:: EXERCISE AIM ::
Exact reproduction of every record is required, and pictures are to be excluded.

───── ENTRIES SUPPLIED ─────

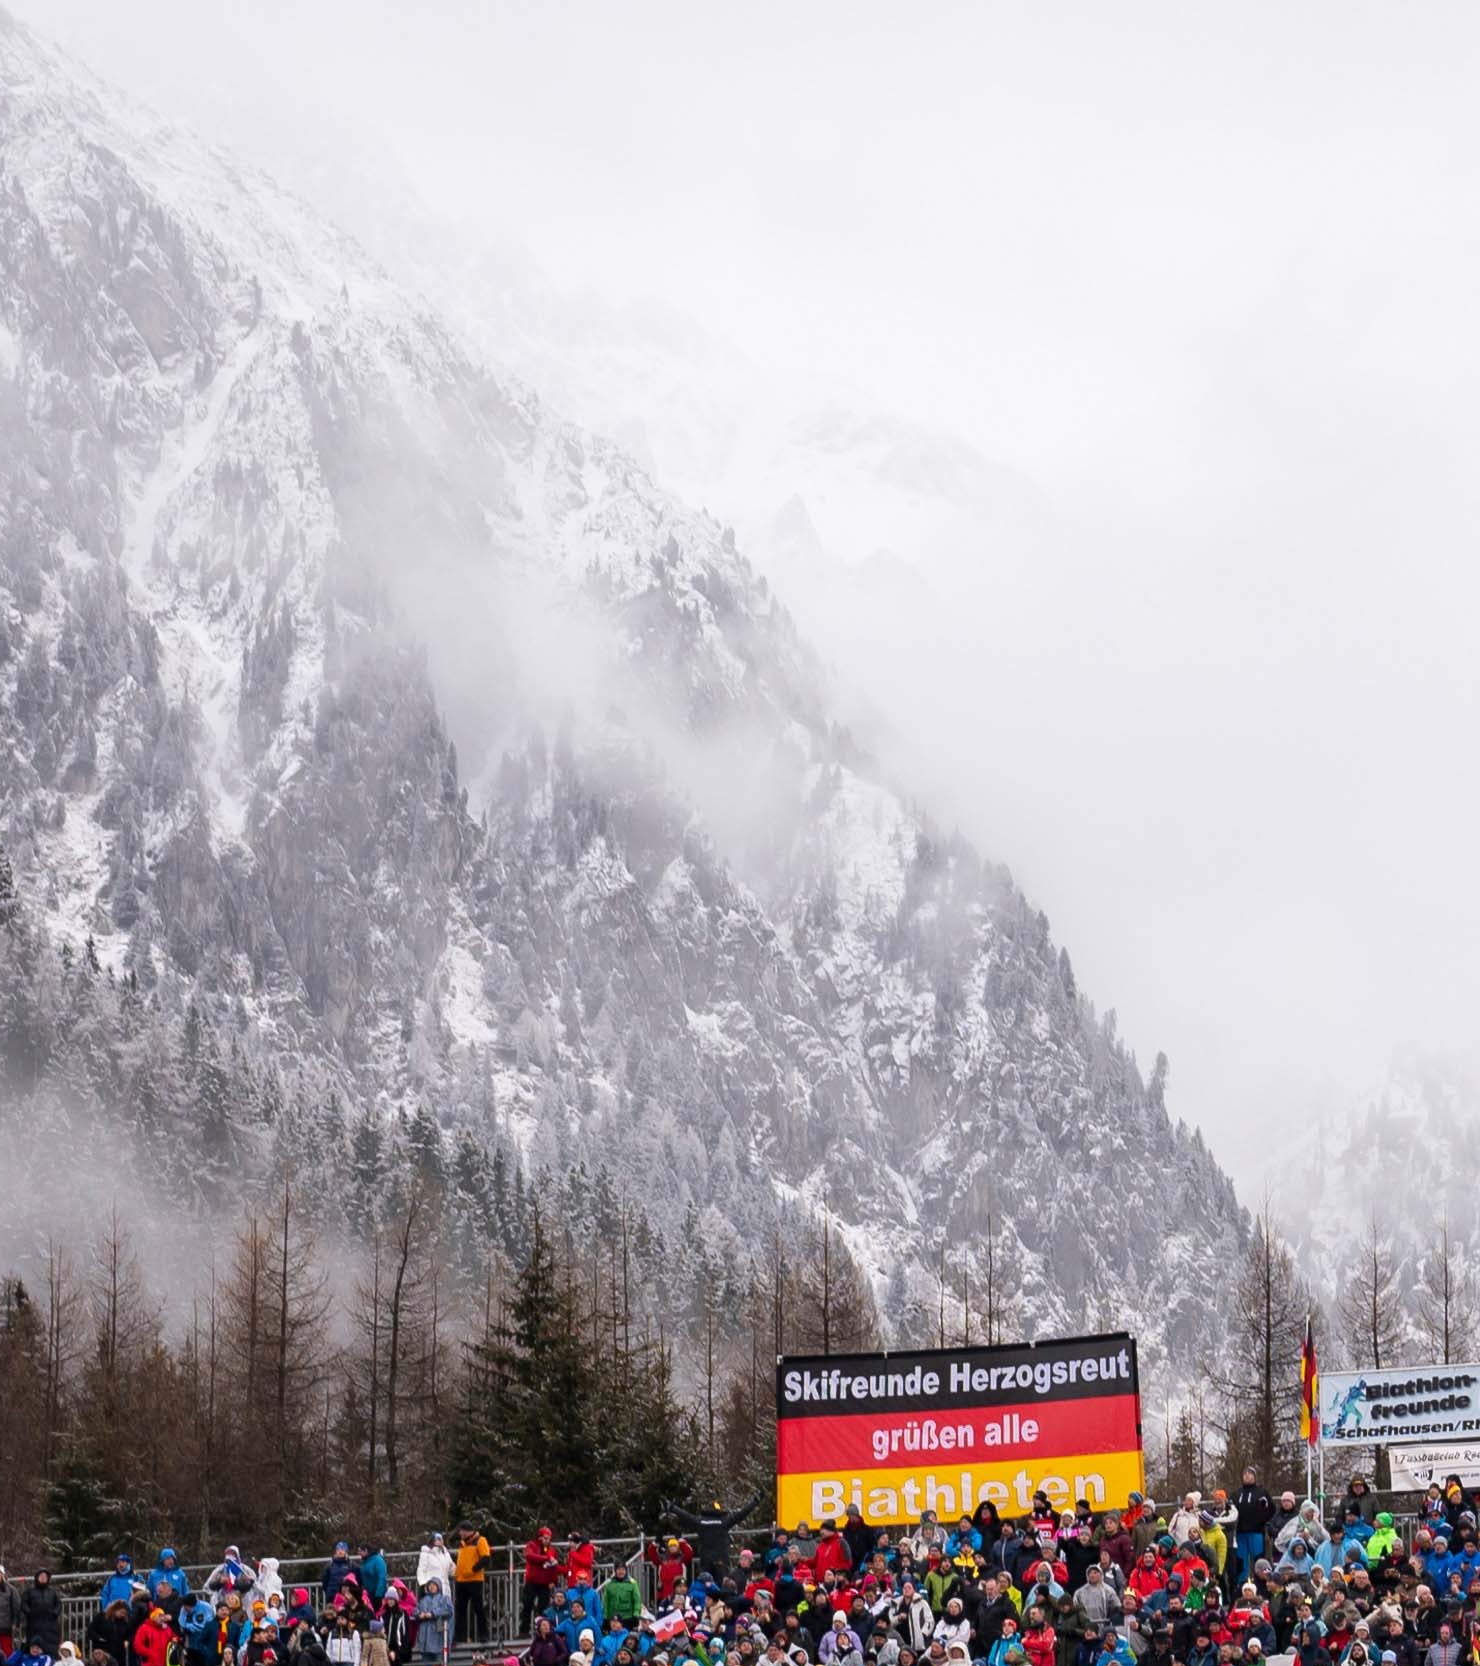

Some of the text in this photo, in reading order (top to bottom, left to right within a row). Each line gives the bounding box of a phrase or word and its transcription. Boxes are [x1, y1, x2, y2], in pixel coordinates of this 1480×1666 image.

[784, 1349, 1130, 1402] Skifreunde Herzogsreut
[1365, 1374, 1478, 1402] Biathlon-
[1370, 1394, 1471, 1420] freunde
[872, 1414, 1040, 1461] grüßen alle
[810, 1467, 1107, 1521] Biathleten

─────

:: EXPECTED OUTPUT ::
Some of the text in this photo, in reading order (top to bottom, left to right within a row). Each line gives the bounding box of a phrase or word and its transcription. Boxes are [x1, y1, x2, y2], in pixel coordinates of this 1480×1666 image.

[784, 1349, 1130, 1402] Skifreunde Herzogsreut
[1365, 1374, 1478, 1402] Biathlon-
[1370, 1394, 1471, 1420] freunde
[872, 1414, 1040, 1461] grüßen alle
[810, 1467, 1107, 1521] Biathleten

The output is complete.